→ Exercise brief
The records below are to be copied exactly, with their pictures left out.

*** Input ***

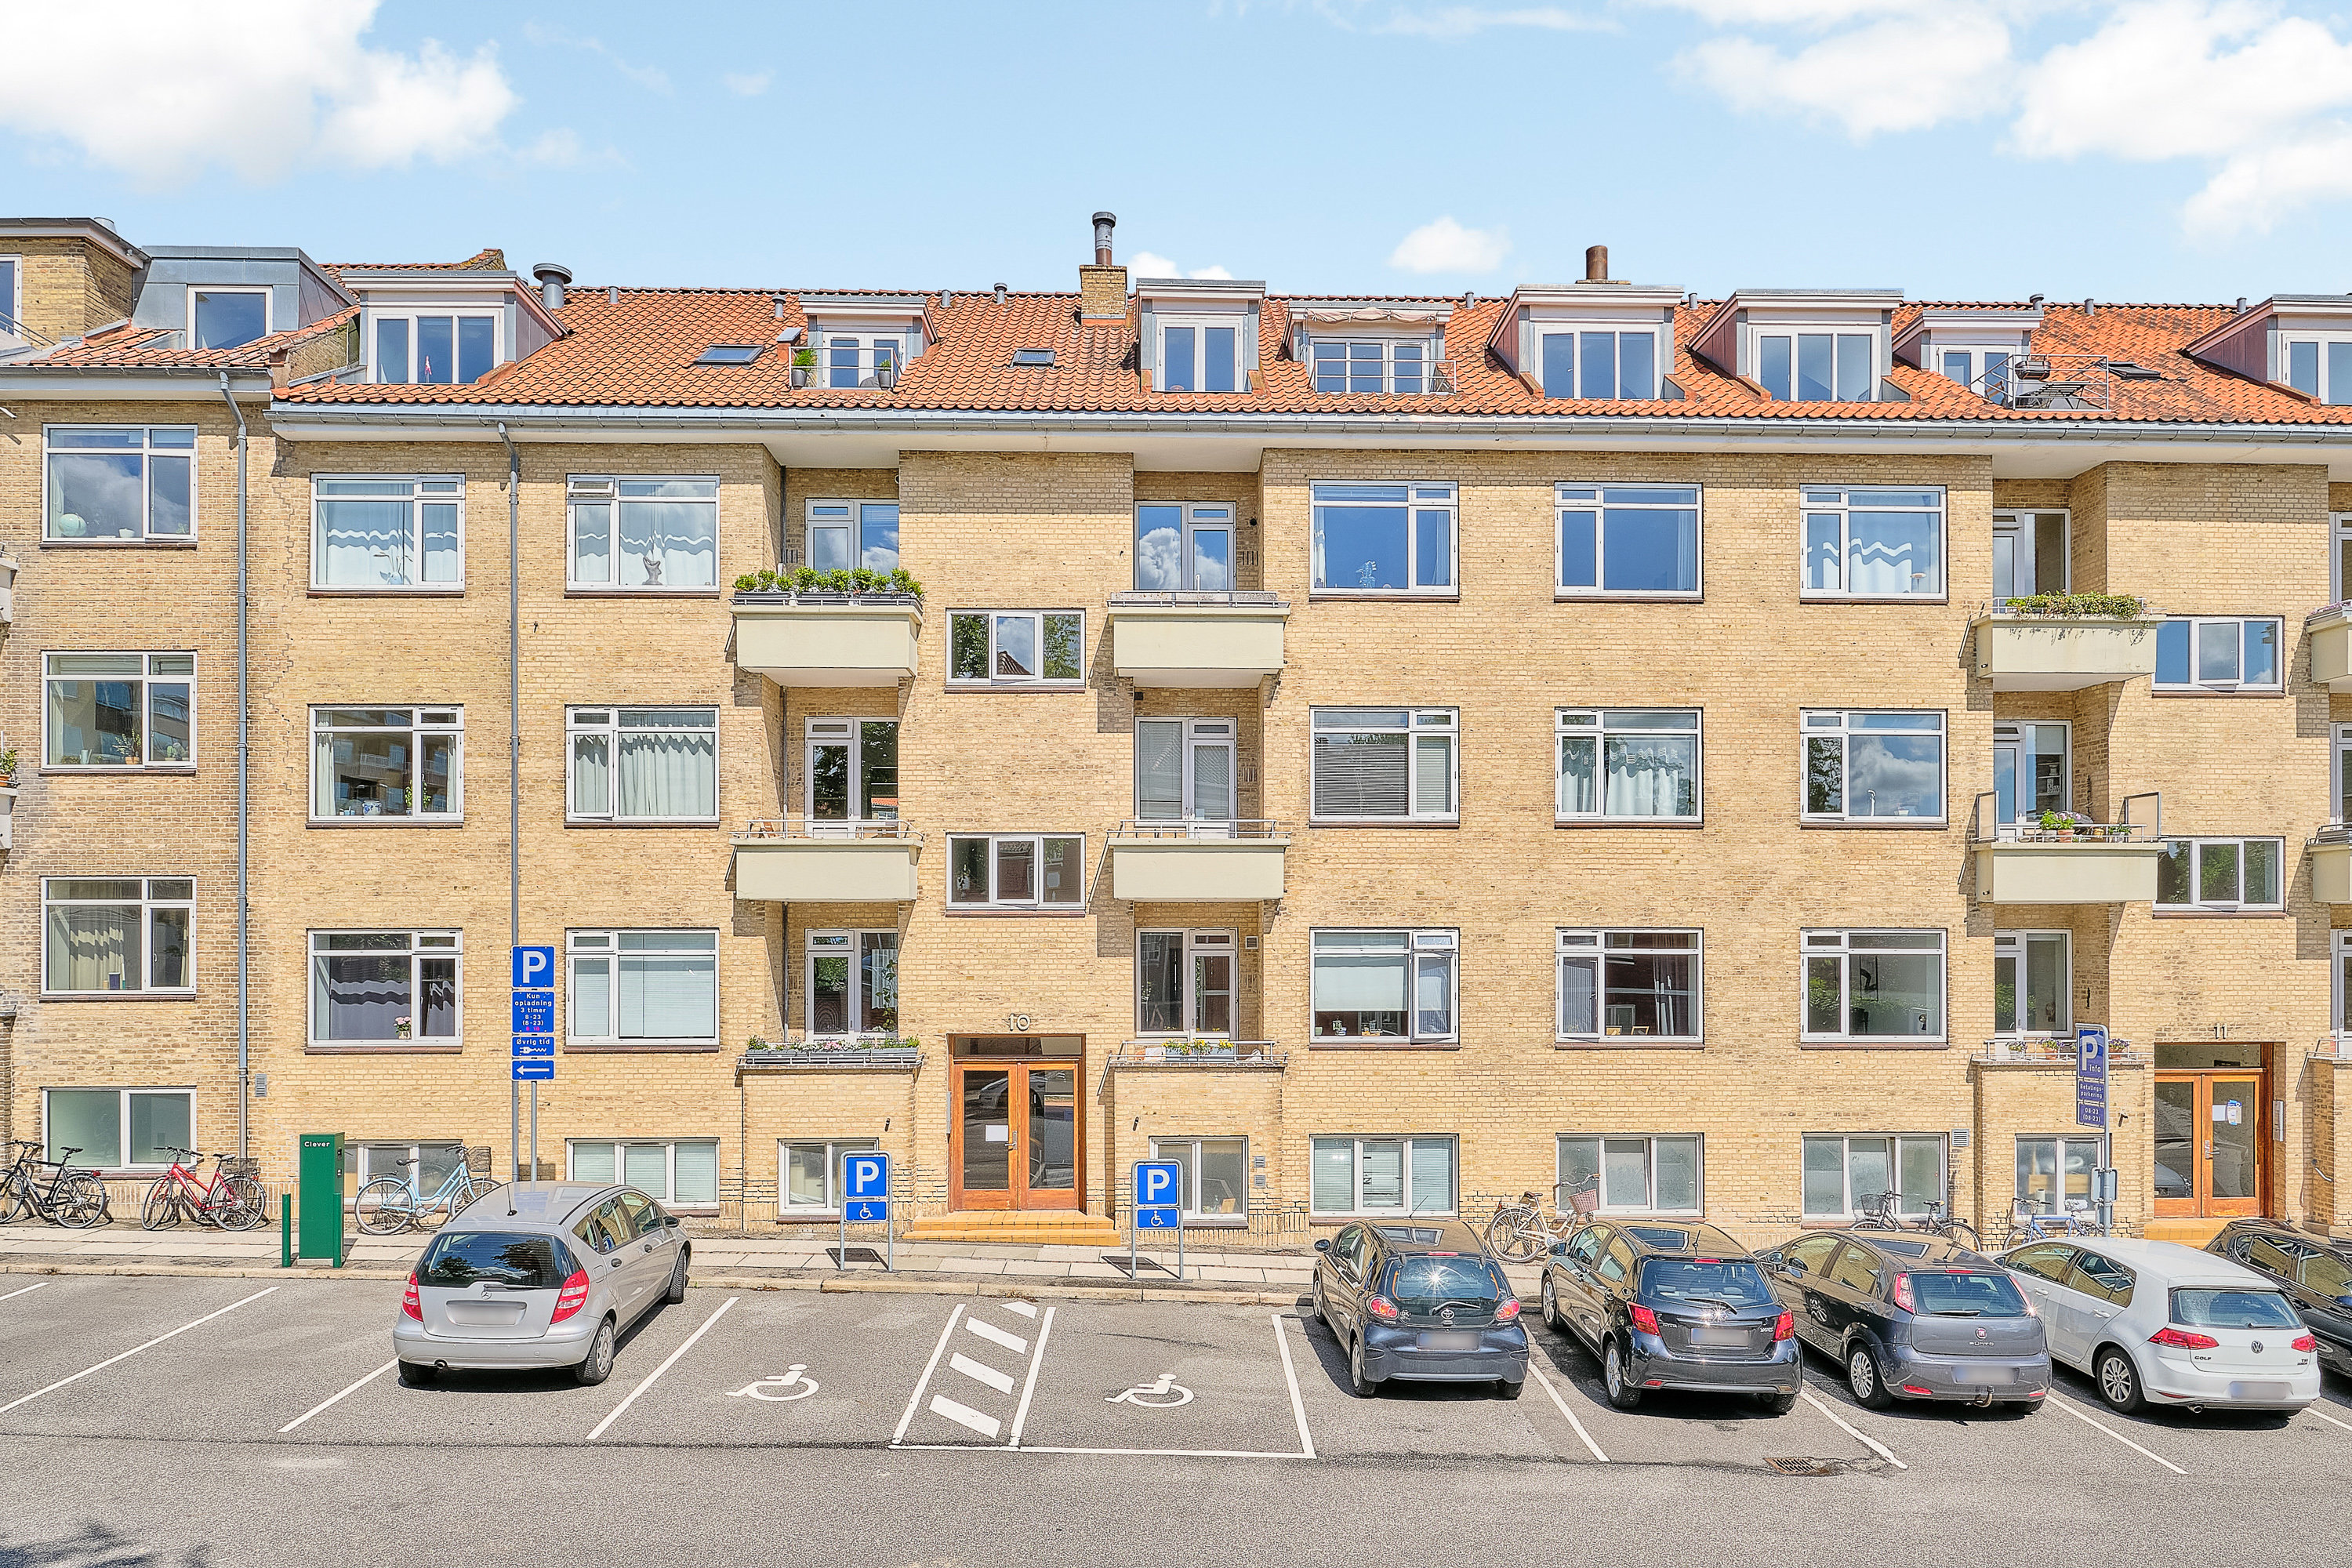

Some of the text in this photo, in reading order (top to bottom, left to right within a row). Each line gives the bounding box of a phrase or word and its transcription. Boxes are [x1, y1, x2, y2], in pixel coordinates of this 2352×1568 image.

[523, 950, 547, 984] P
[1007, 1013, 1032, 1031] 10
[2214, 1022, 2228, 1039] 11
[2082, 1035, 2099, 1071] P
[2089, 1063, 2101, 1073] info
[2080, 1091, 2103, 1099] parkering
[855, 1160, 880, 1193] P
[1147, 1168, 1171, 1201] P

*** End of Input ***

→ Written answer
Some of the text in this photo, in reading order (top to bottom, left to right within a row). Each line gives the bounding box of a phrase or word and its transcription. Boxes are [x1, y1, x2, y2], in pixel coordinates of this 2352×1568 image.

[523, 950, 547, 984] P
[1007, 1013, 1032, 1031] 10
[2214, 1022, 2228, 1039] 11
[2082, 1035, 2099, 1071] P
[2089, 1063, 2101, 1073] info
[2080, 1091, 2103, 1099] parkering
[855, 1160, 880, 1193] P
[1147, 1168, 1171, 1201] P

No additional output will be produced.